Time Period3 Months [change]
DirectionMoves Against 
StrengthInsignificant
Accuracy90.48%
ValuesDaily Returns

Lumia  vs.  Gulf Resources

 Performance 
       Timeline  
Lumia 

Risk-Adjusted Performance

9 of 100

 
Weak
 
Strong
OK
Compared to the overall equity markets, risk-adjusted returns on investments in Lumia are ranked lower than 9 (%) of all global equities and portfolios over the last 90 days. In spite of rather unsteady fundamental indicators, Lumia exhibited solid returns over the last few months and may actually be approaching a breakup point.
Gulf Resources 

Risk-Adjusted Performance

1 of 100

 
Weak
 
Strong
Weak
Compared to the overall equity markets, risk-adjusted returns on investments in Gulf Resources are ranked lower than 1 (%) of all global equities and portfolios over the last 90 days. In spite of rather weak basic indicators, Gulf Resources may actually be approaching a critical reversion point that can send shares even higher in March 2025.
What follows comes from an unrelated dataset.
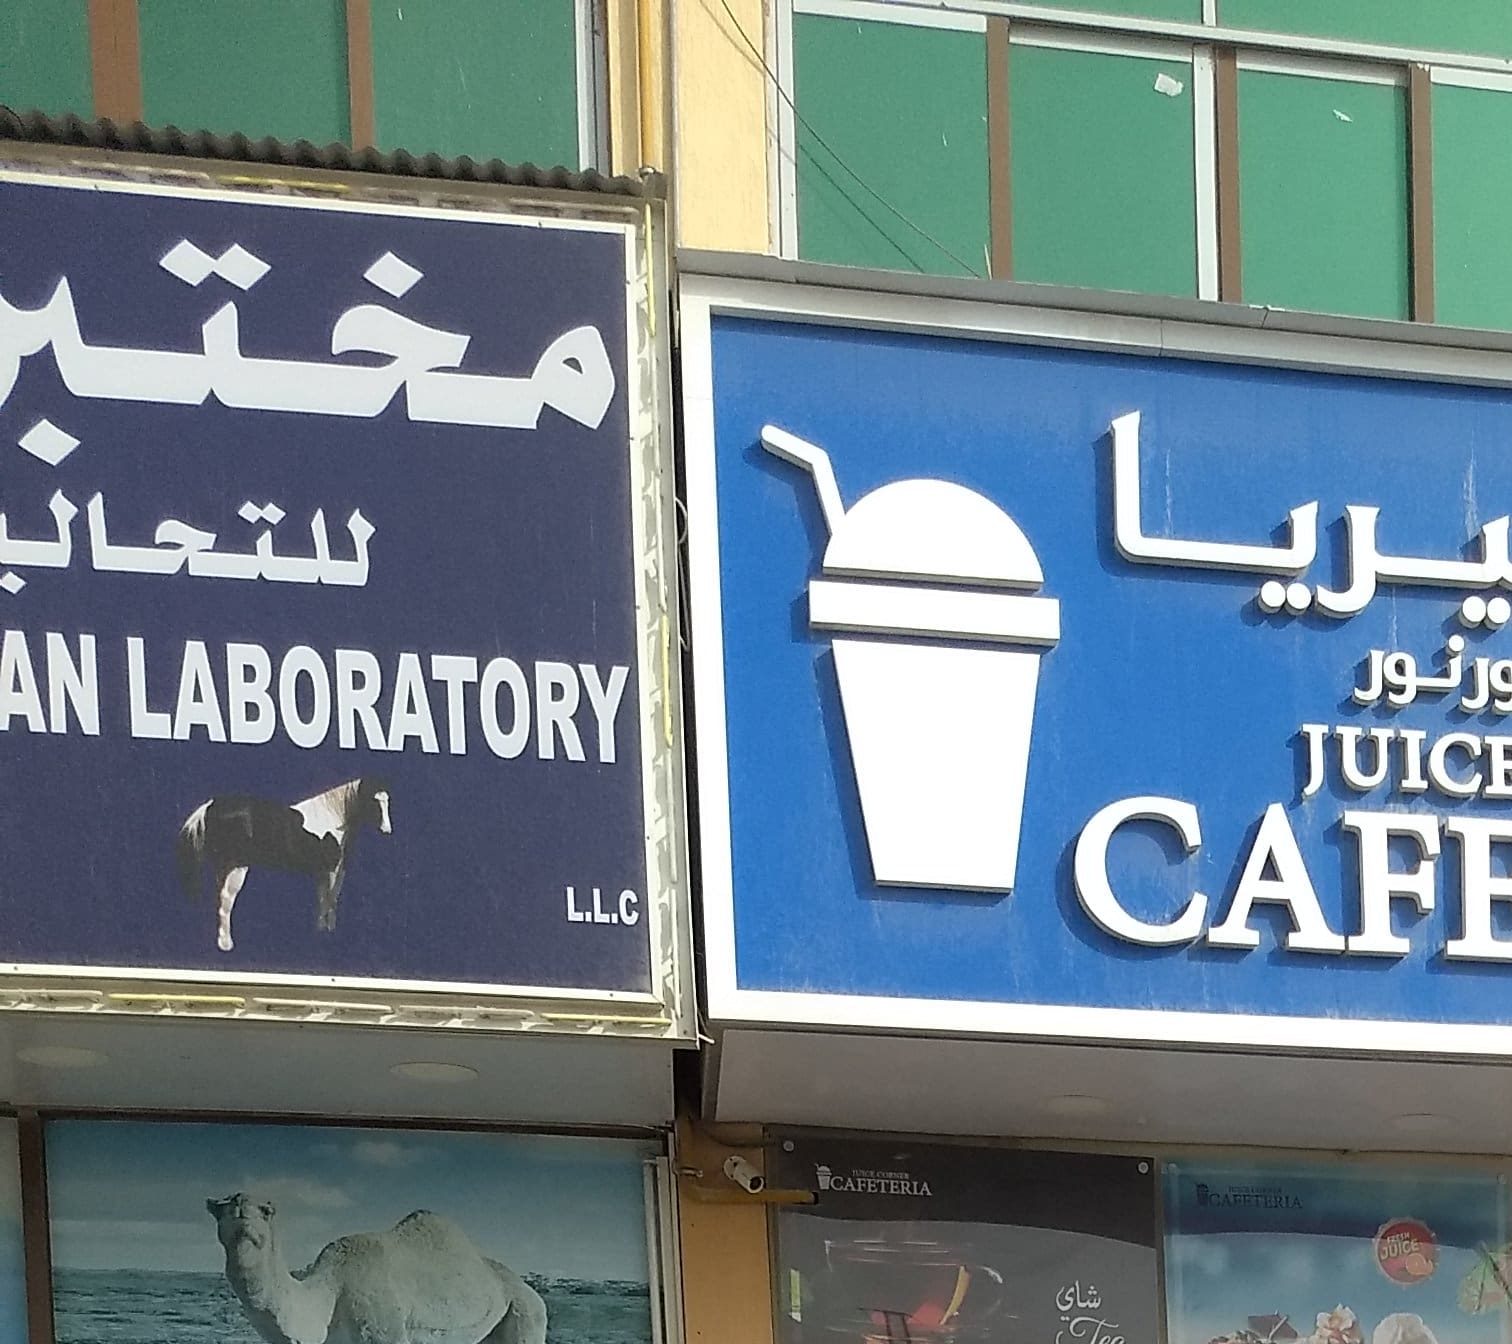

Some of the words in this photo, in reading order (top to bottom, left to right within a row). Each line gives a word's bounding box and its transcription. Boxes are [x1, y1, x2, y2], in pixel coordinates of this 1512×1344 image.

Lumia and Gulf Resources Volatility Contrast

   Predicted Return Density   
       Returns  

Pair Trading with Lumia and Gulf Resources

The main advantage of trading using opposite Lumia and Gulf Resources positions is that it hedges away some unsystematic risk. Because of two separate transactions, even if Lumia position performs unexpectedly, Gulf Resources can make up some of the losses. Pair trading also minimizes risk from directional movements in the market. For example, if an entire industry or sector drops because of unexpected headlines, the short position in Gulf Resources will offset losses from the drop in Gulf Resources' long position.
The idea behind Lumia and Gulf Resources pairs trading is to make the combined position market-neutral, meaning the overall market's direction will not affect its win or loss (or potential downside or upside). This can be achieved by designing a pairs trade with two highly correlated stocks or equities that operate in a similar space or sector, making it possible to obtain profits through simple and relatively low-risk investment.
Check out your portfolio center.
Note that this page's information should be used as a complementary analysis to find the right mix of equity instruments to add to your existing portfolios or create a brand new portfolio. You can also try the Fundamentals Comparison module to compare fundamentals across multiple equities to find investing opportunities.